4. Adjudication Method for the Test Set:

This information is not provided as it's not typically relevant for the type of device and testing described in this 510(k) where the focus is on meeting engineering specifications and safety standards. Adjudication methods (like 2+1, 3+1 expert consensus) are more common in studies involving subjective assessments of medical images or diagnoses, which is not the case here.

5. If a Multi Reader Multi Case (MRMC) Comparative Effectiveness Study Was Done:

No, a Multi Reader Multi Case (MRMC) comparative effectiveness study was not done. This type of study is relevant for diagnostic imaging AI systems where human readers interpret medical images with and without AI assistance to measure improvements in diagnostic accuracy. The Medrad Vistron CT Injection System is an active medical device for contrast media delivery, not an imaging interpretation system.

6. If a Standalone (i.e., algorithm only without human-in-the-loop performance) Was Done:

The concept of "standalone performance" typically applies to AI algorithms. The Medrad Vistron CT Injection System is an electromechanical device with embedded software. Its performance is inherently "standalone" in mechanical and electrical functions (e.g., delivering a specific volume at a specific flow rate) without continuous human intervention during the injection phase, but it absolutely requires human operators for setup and monitoring. The entire system's performance, including its automated features, was tested.

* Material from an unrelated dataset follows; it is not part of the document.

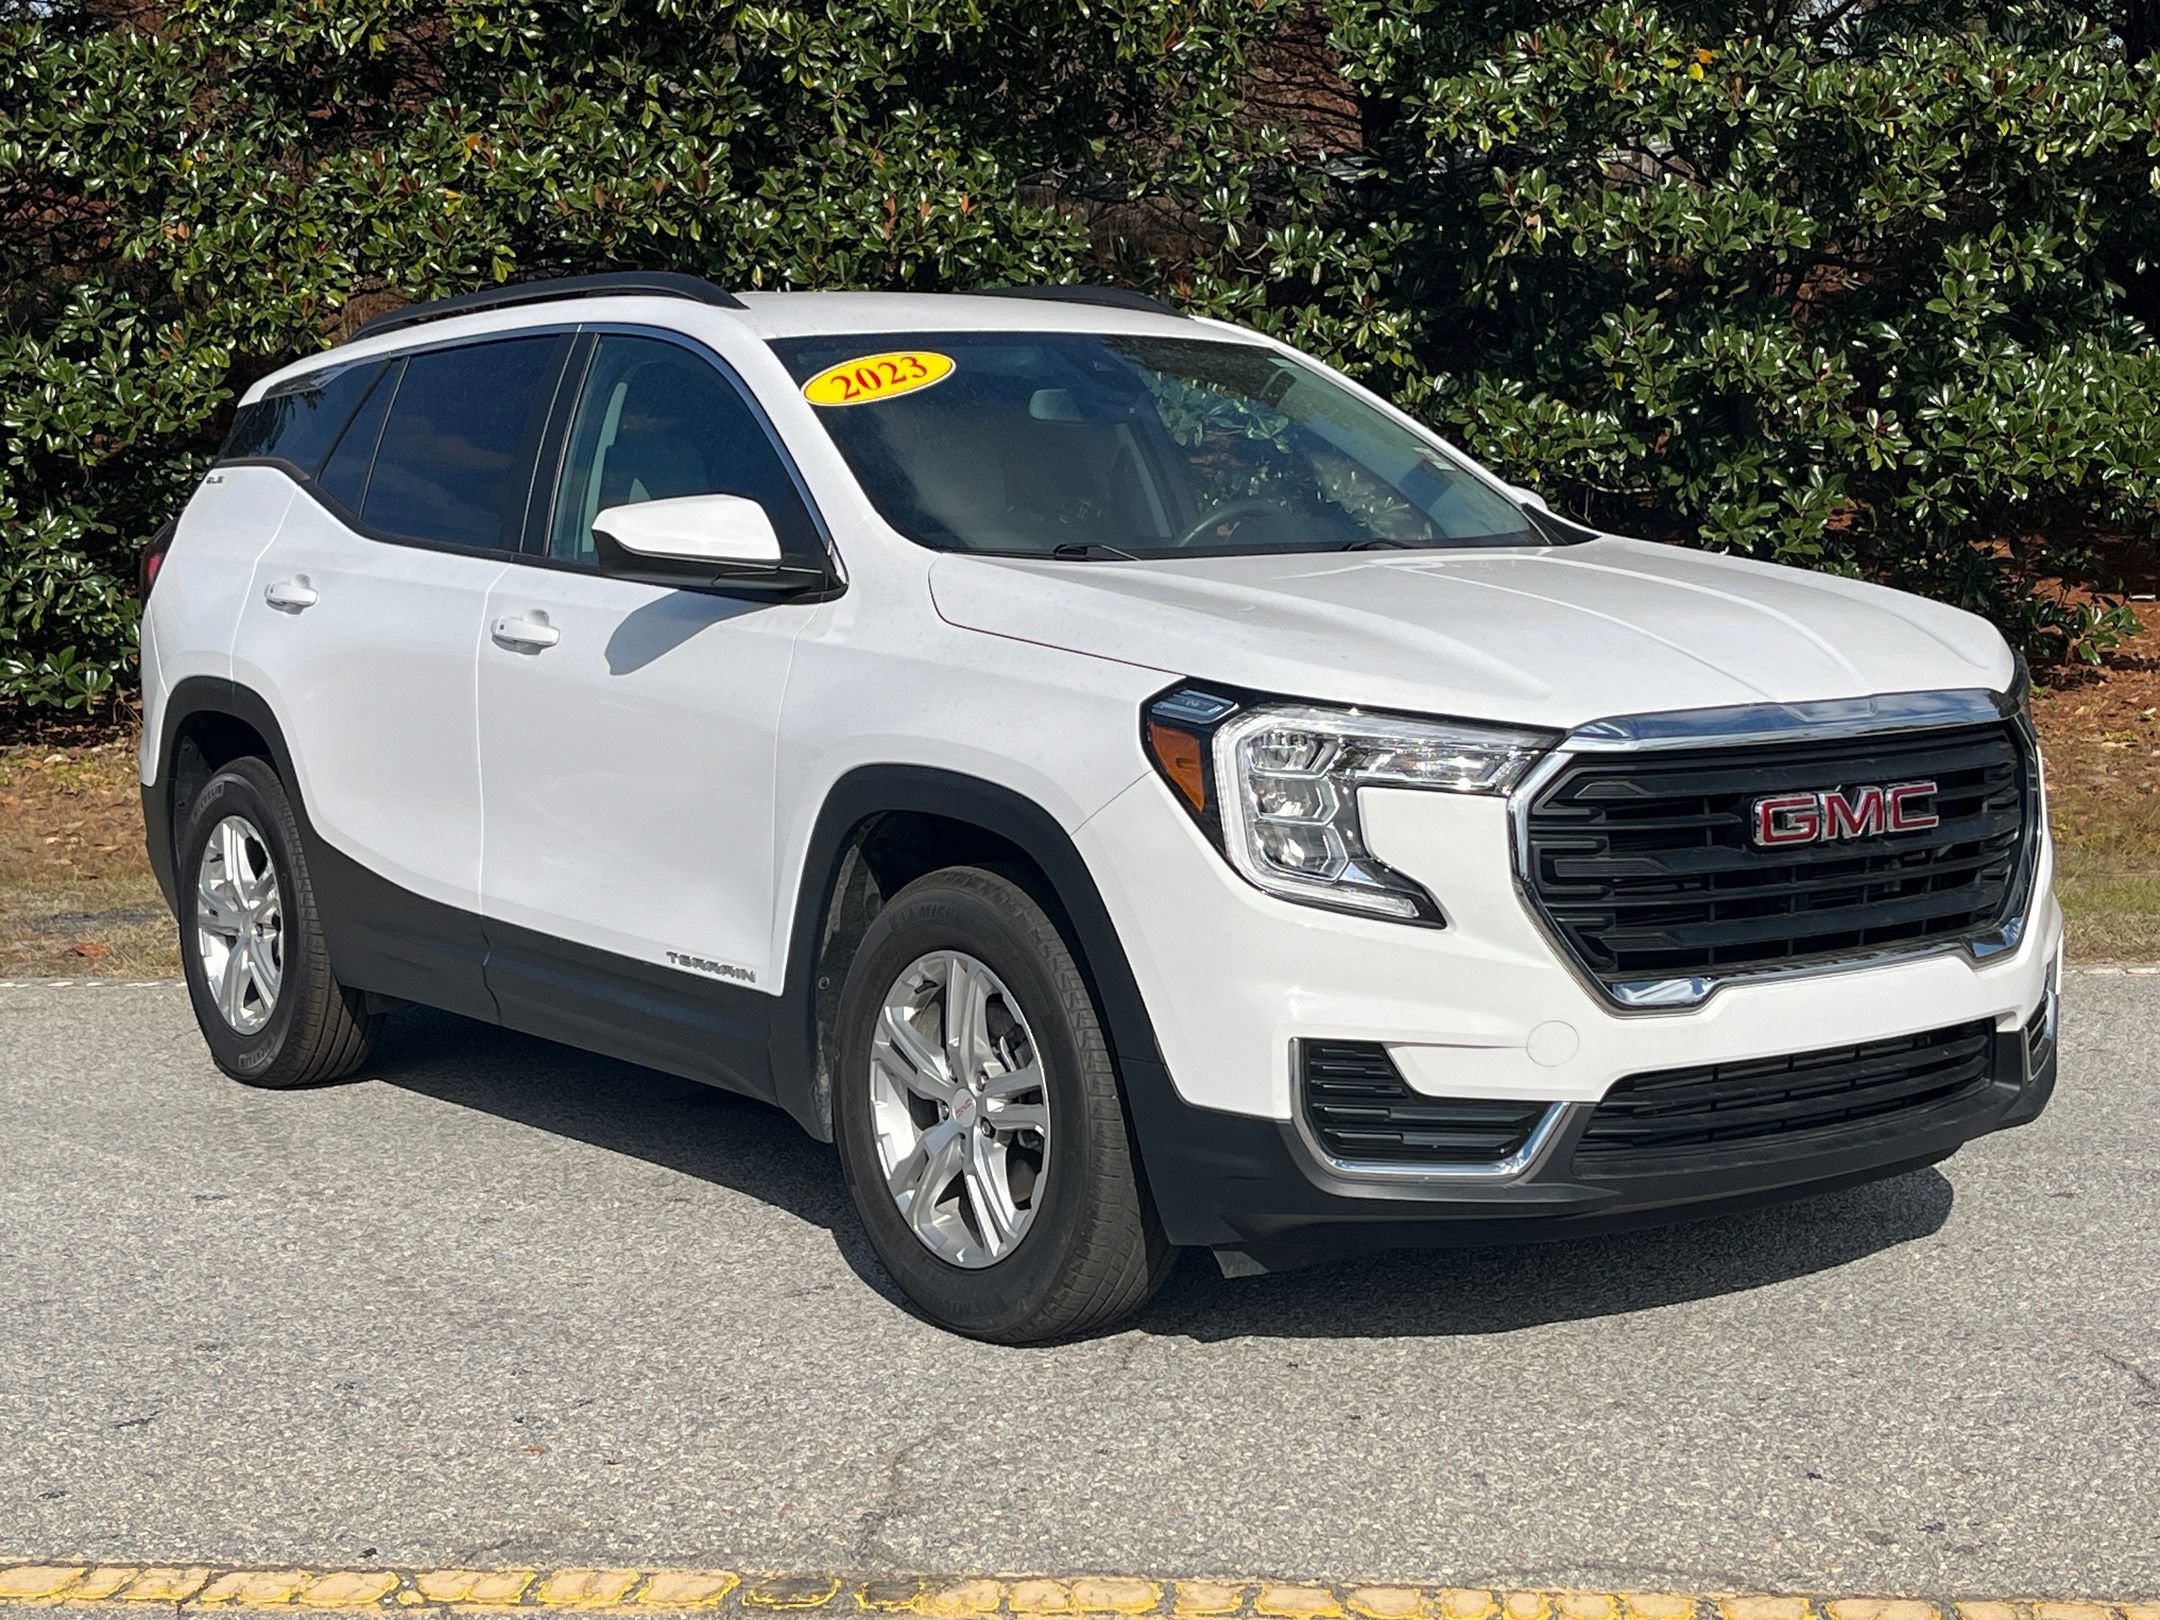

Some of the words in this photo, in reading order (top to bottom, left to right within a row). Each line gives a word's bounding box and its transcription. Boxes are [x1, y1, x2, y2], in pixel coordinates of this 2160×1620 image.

[831, 356, 927, 400] 2023
[1753, 780, 1939, 846] GMC
[666, 951, 756, 983] TERRAIN

7. The Type of Ground Truth Used:

For this device, the "ground truth" would be established by engineering specifications and validated measurement techniques. This means:

  • Physical Measurements: Using calibrated instruments to verify delivered volume, flow rate, pressure, temperature maintenance, etc., against predefined engineering targets.
  • Functional Testing: Verifying that all programmed features (e.g., scan delay, hold, autofill, safety stops) operate as intended and within specified tolerances.
  • Compliance with Standards: Adherence to the listed international and national safety and performance standards (IEC, UL, CSA).

8. The Sample Size for the Training Set:

This information is not applicable in the context of this device and associated documentation. The Medrad Vistron CT Injection System is an electromechanical device, and while it contains software for control and user interface, it is not an AI/ML-based device that would undergo a "training" phase with a dataset in the way a machine learning model does.

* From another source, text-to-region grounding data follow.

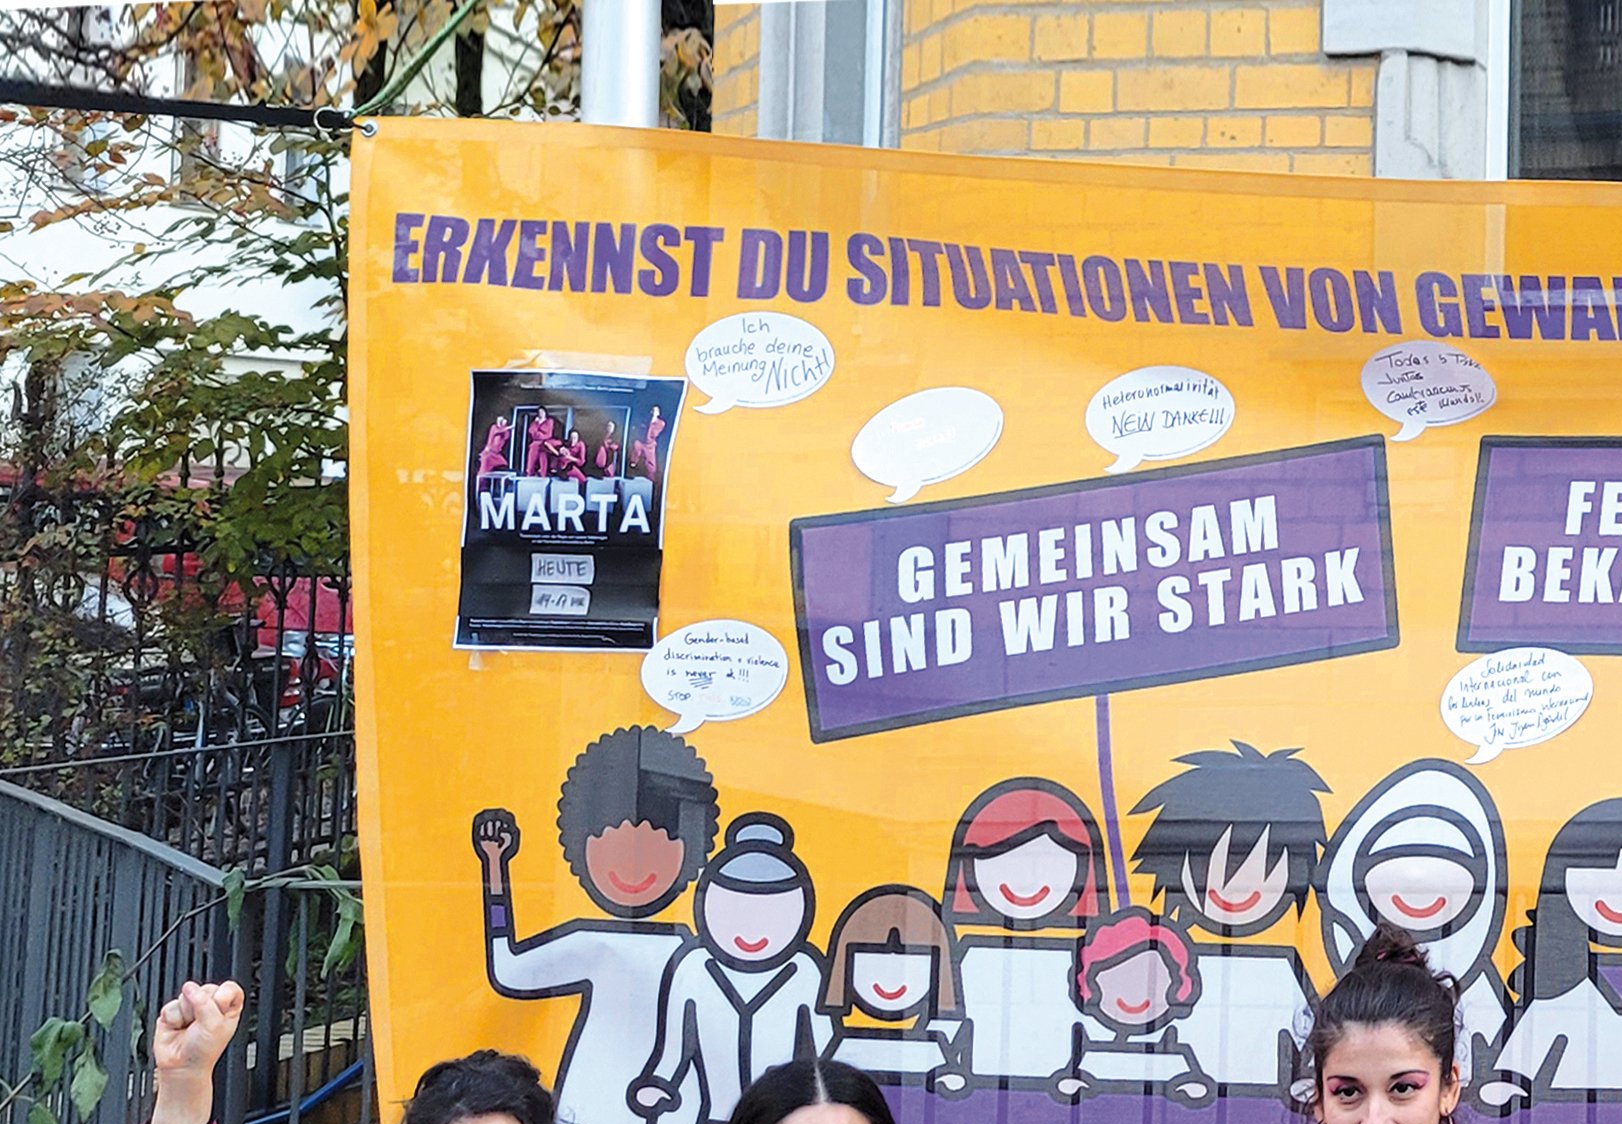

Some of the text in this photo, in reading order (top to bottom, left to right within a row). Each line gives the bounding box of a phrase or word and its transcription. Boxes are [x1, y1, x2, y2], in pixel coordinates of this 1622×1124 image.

[392, 212, 724, 297] ERKENNST
[737, 228, 828, 304] DU
[846, 232, 1253, 327] SITUATIONEN
[1258, 266, 1402, 335] VON
[741, 318, 770, 333] Ich
[695, 337, 814, 362] brauche deine
[702, 359, 767, 382] Meinung
[480, 491, 651, 533] MARTA
[897, 495, 1280, 603] GEMEINSAM
[536, 559, 588, 576] HEUTE
[822, 547, 1365, 685] SIND WIR STARK
[664, 648, 732, 662] discrimination

9. How the Ground Truth for the Training Set Was Established:

This information is not applicable as the device is not an AI/ML system requiring a training set with ground truth in the typical sense. The "ground truth" for its development would be the engineering requirements and validated performance standards used during its design and verification process.

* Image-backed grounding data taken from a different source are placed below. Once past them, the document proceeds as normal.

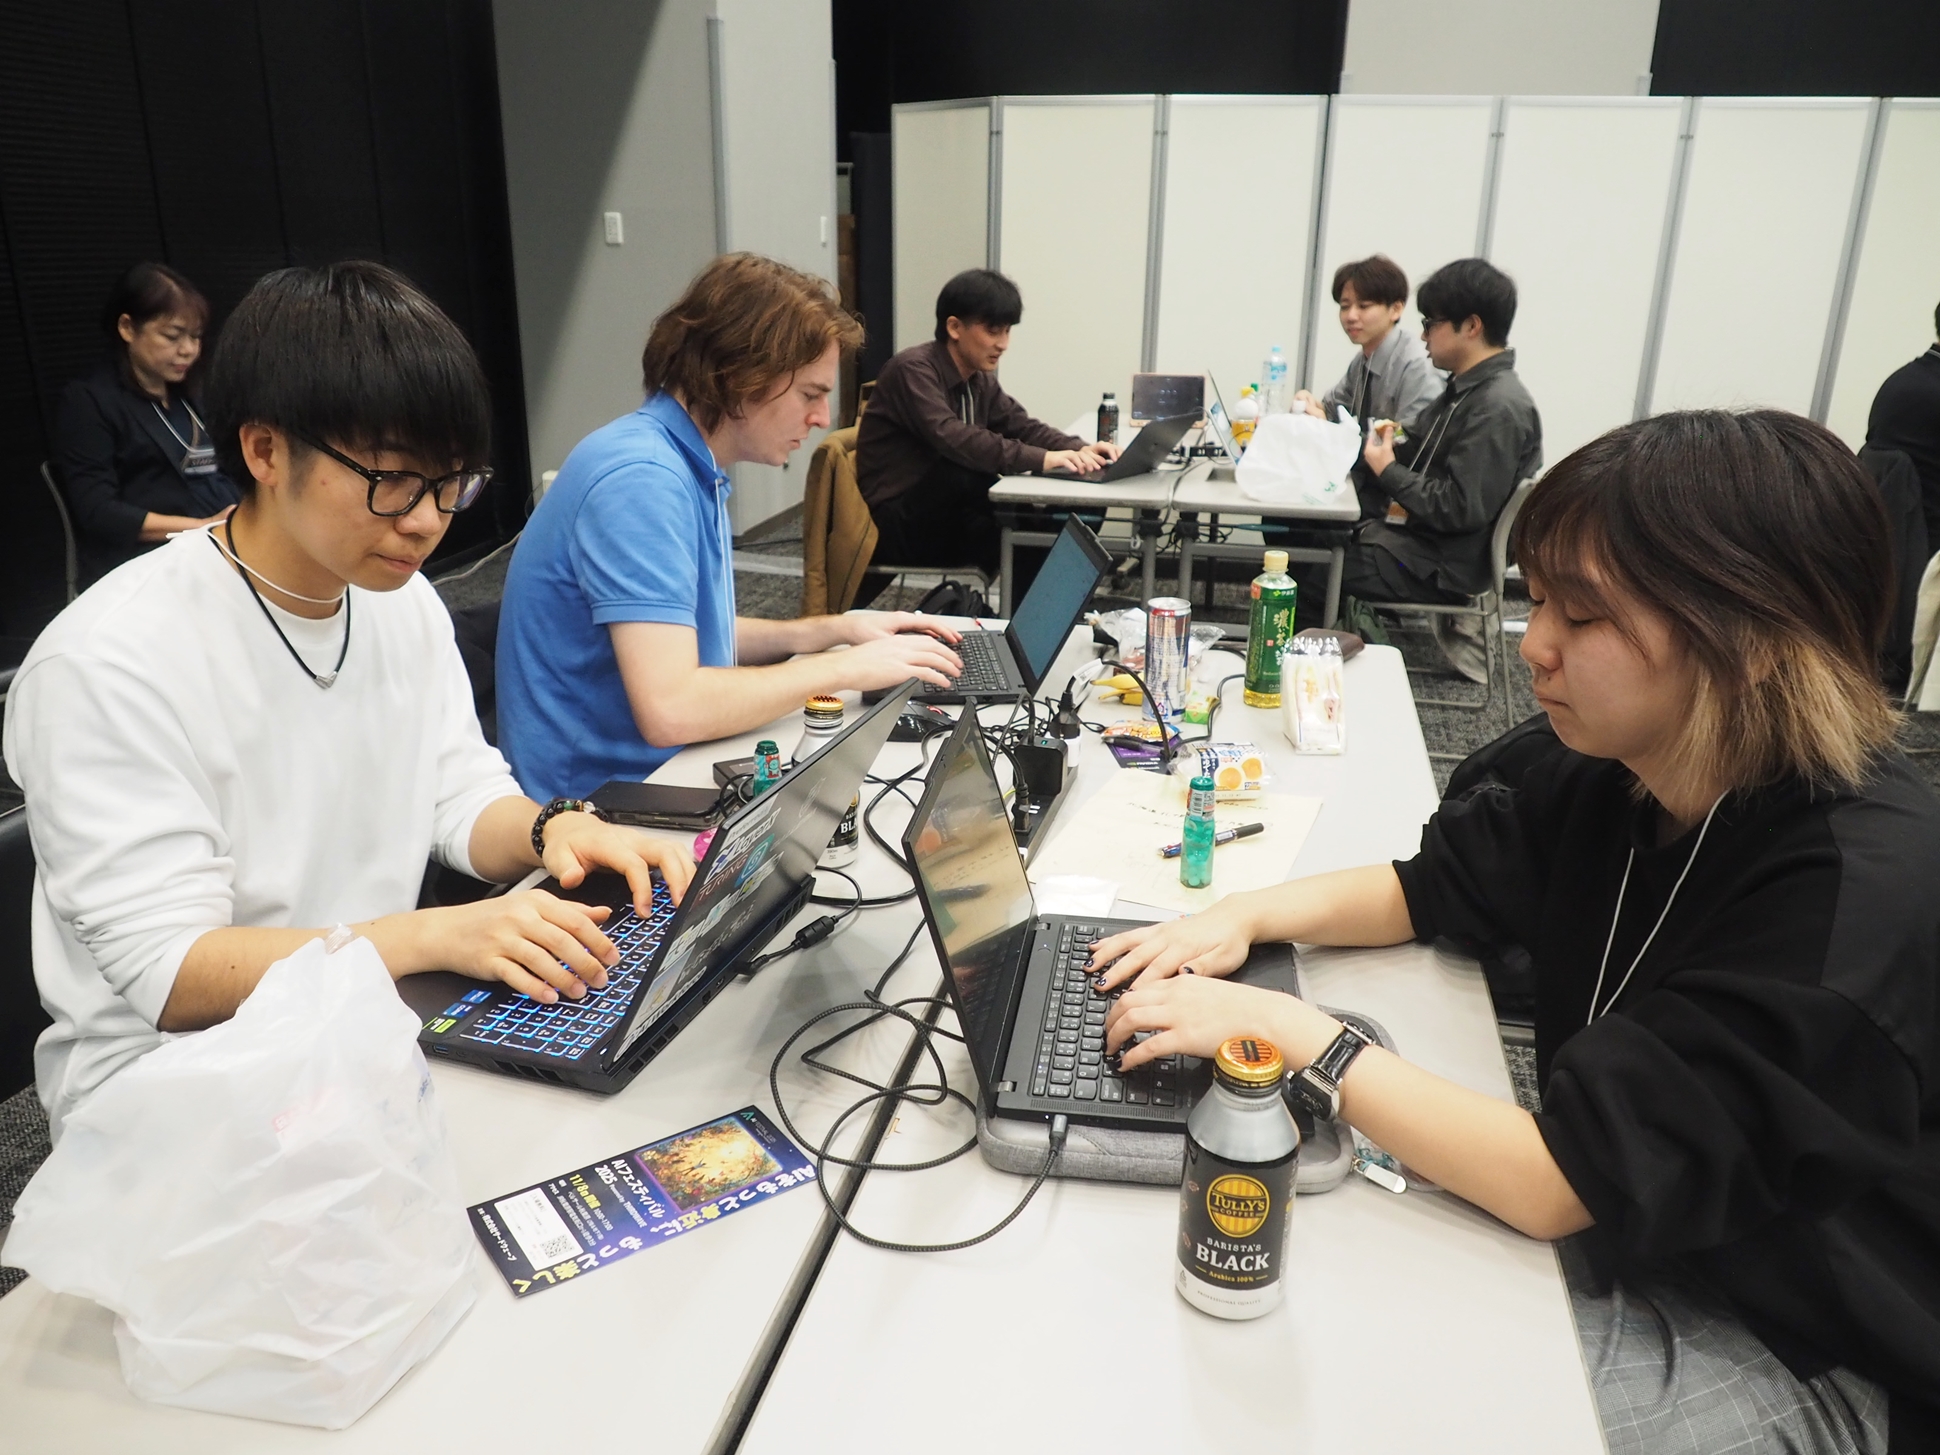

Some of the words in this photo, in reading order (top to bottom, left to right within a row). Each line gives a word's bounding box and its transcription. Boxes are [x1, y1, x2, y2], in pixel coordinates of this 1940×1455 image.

[841, 818, 857, 834] BLA
[698, 853, 748, 902] TURING
[594, 1164, 618, 1184] 2025
[611, 1159, 665, 1218] AIフェスティバル
[1212, 1192, 1265, 1212] TULLY'S
[1220, 1208, 1255, 1217] COFFEE
[1207, 1237, 1262, 1252] BARISTA'S
[1195, 1242, 1270, 1272] BLACK
[1209, 1270, 1235, 1282] Arabica

§ 870.1650 Angiographic injector and syringe.

(a)
Identification. An angiographic injector and syringe is a device that consists of a syringe and a high-pressure injector which are used to inject contrast material into the heart, great vessels, and coronary arteries to study the heart and vessels by x-ray photography.(b)
Classification. Class II (special controls). The device, when it is a non-patient contacting balloon inflation syringe intended only to inflate/deflate balloon catheters and monitor pressure within the balloon, is exempt from the premarket notification procedures in subpart E of part 807 of this chapter subject to the limitations in § 870.9.